Instructions for the task:
What is needed is an exact copy of every entry, without the pictures.

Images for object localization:
=== Section Start ===
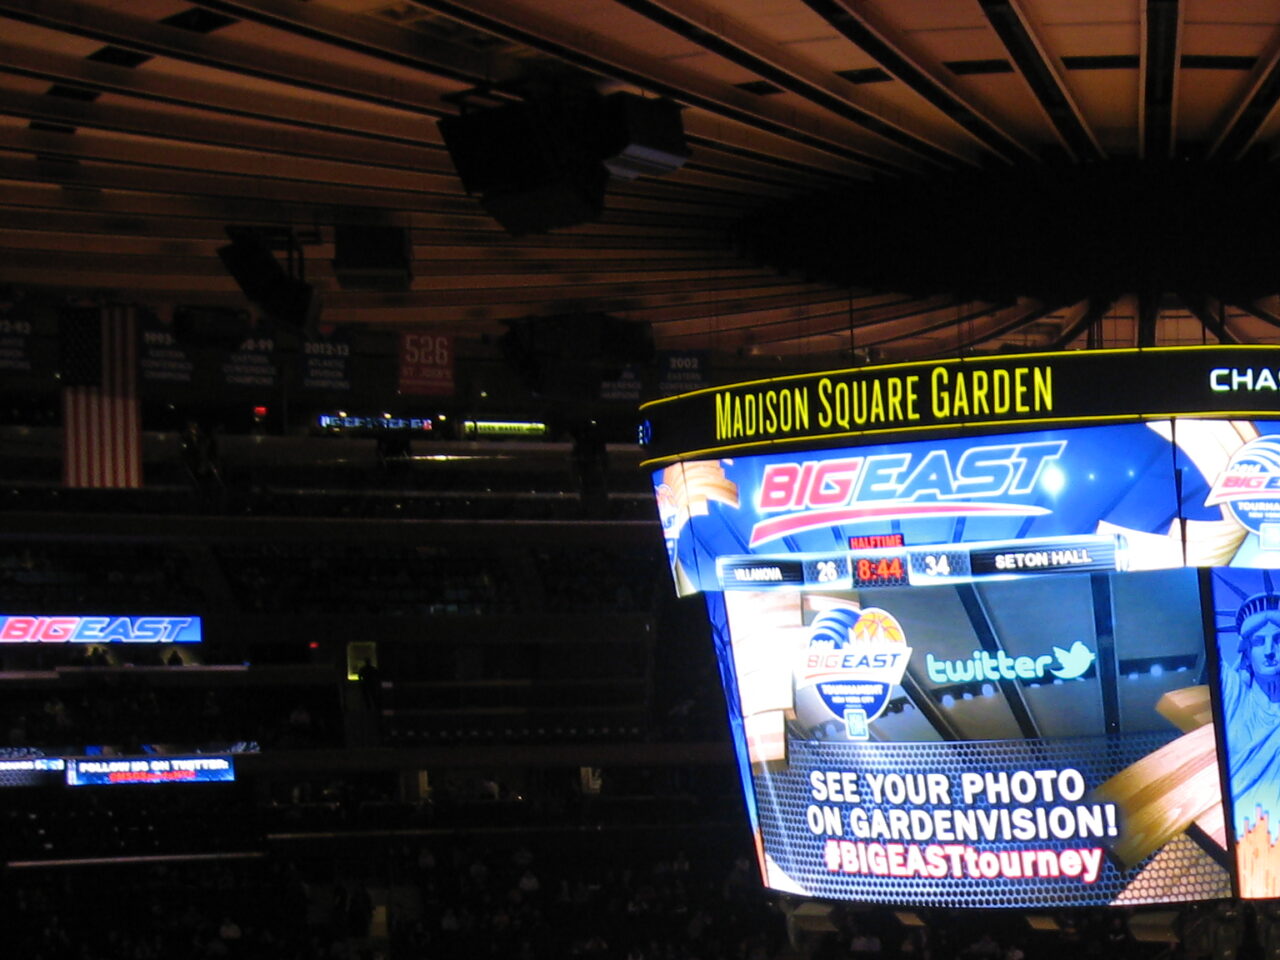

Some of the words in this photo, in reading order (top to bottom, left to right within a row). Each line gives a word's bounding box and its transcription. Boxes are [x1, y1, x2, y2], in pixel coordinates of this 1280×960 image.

[405, 335, 449, 366] 526
[716, 386, 809, 441] MADISON
[818, 375, 920, 430] SQUARE
[931, 366, 1054, 419] GARDEN
[850, 535, 902, 549] HALFTIME
[857, 558, 903, 580] 8:44
[924, 554, 951, 576] 34
[995, 552, 1049, 569] SETON
[1052, 548, 1093, 565] HALL
[733, 566, 783, 582] VILLANOVA
[817, 561, 838, 582] 26
[926, 650, 1053, 683] twitter
[79, 761, 130, 773] FOLLOW
[810, 770, 860, 803] SEE
[864, 773, 951, 805] YOUR
[961, 769, 1085, 805] PHOTO
[806, 805, 843, 836] ON
[849, 804, 1118, 841] GARDENVISION!
[825, 840, 1103, 884] #BIGEASTtourney
=== Section End ===
Task output:
Some of the words in this photo, in reading order (top to bottom, left to right within a row). Each line gives a word's bounding box and its transcription. Boxes are [x1, y1, x2, y2], in pixel coordinates of this 1280×960 image.

[405, 335, 449, 366] 526
[716, 386, 809, 441] MADISON
[818, 375, 920, 430] SQUARE
[931, 366, 1054, 419] GARDEN
[850, 535, 902, 549] HALFTIME
[857, 558, 903, 580] 8:44
[924, 554, 951, 576] 34
[995, 552, 1049, 569] SETON
[1052, 548, 1093, 565] HALL
[733, 566, 783, 582] VILLANOVA
[817, 561, 838, 582] 26
[926, 650, 1053, 683] twitter
[79, 761, 130, 773] FOLLOW
[810, 770, 860, 803] SEE
[864, 773, 951, 805] YOUR
[961, 769, 1085, 805] PHOTO
[806, 805, 843, 836] ON
[849, 804, 1118, 841] GARDENVISION!
[825, 840, 1103, 884] #BIGEASTtourney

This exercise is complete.